Most people are not naturally good at talking about their accomplishments, explaining why they are between jobs, or articulating what they have to offer. It’s easier to talk about actual tasks performed in their former job, but more challenging to be able to state what they do well and how they do it. They often need help formulating answers to the classic why-should-I-hire you type of questions as well as being prepared with examples for the behavioral type of questions when an interviewer asks, "Tell me about a time when..."
To help a job seeker analyze tasks versus accomplishments and define what he or she is good at, our Career Transition Advisors sometimes use an assessment, such as the CliftonStrengths© or The Profile XT©, which can help the individual sort out and develop answers to interview questions. Everyone has natural strengths, and assessments can objectively define those strengths. It becomes important for job seekers to be able to identify their top strengths so they can focus their job search on finding a position where they will use those talents on a daily basis.

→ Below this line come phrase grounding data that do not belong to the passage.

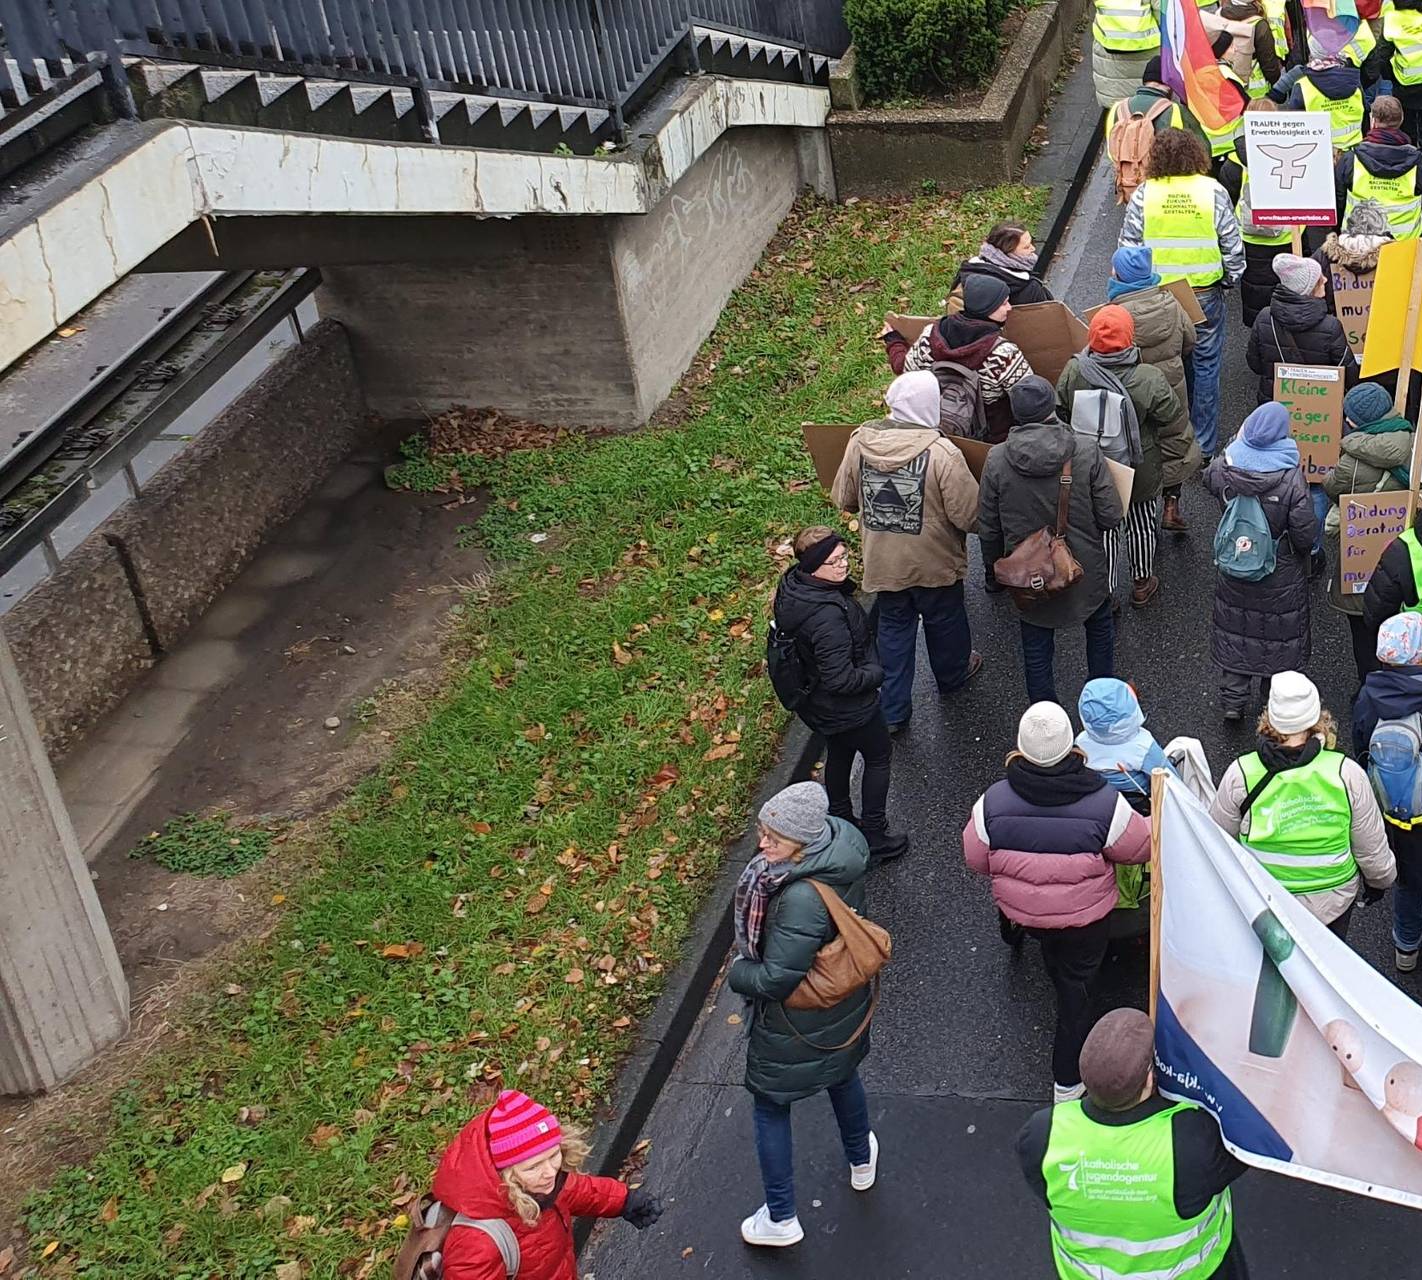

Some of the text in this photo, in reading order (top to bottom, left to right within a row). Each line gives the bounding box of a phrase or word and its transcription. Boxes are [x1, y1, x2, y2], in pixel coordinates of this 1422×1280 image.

[1283, 121, 1306, 129] gegen
[1250, 129, 1310, 137] Erwerbslosigkeit
[1281, 378, 1328, 396] Kleine
[1347, 504, 1407, 521] Bildung
[1347, 545, 1367, 557] für
[1083, 1157, 1141, 1171] katholische
[1085, 1170, 1158, 1186] jugendagentur

Exiting an employee is difficult, no matter if it is due to downsizing because of a pandemic or through position eliminations when certain roles are no longer needed. Organizations going through this don’t need to do it alone. They can partner with career transitions experts, like MRA, to guide job seekers to the next step in their career. It’s a very positive experience where organizations reap the additional benefit of exiting an employee in a compassionate way that enhances their overall employee experience, while letting remaining employees know that their former co-worker was well taken care of.
Only high-level executives and management positions benefit from a career transition process.
Career transition services are for anyone who needs to find a new job. Whether it’s helping with job search information, resume building, social media assistance, networking opportunities, or interview training, employees at any level benefit from job transition support.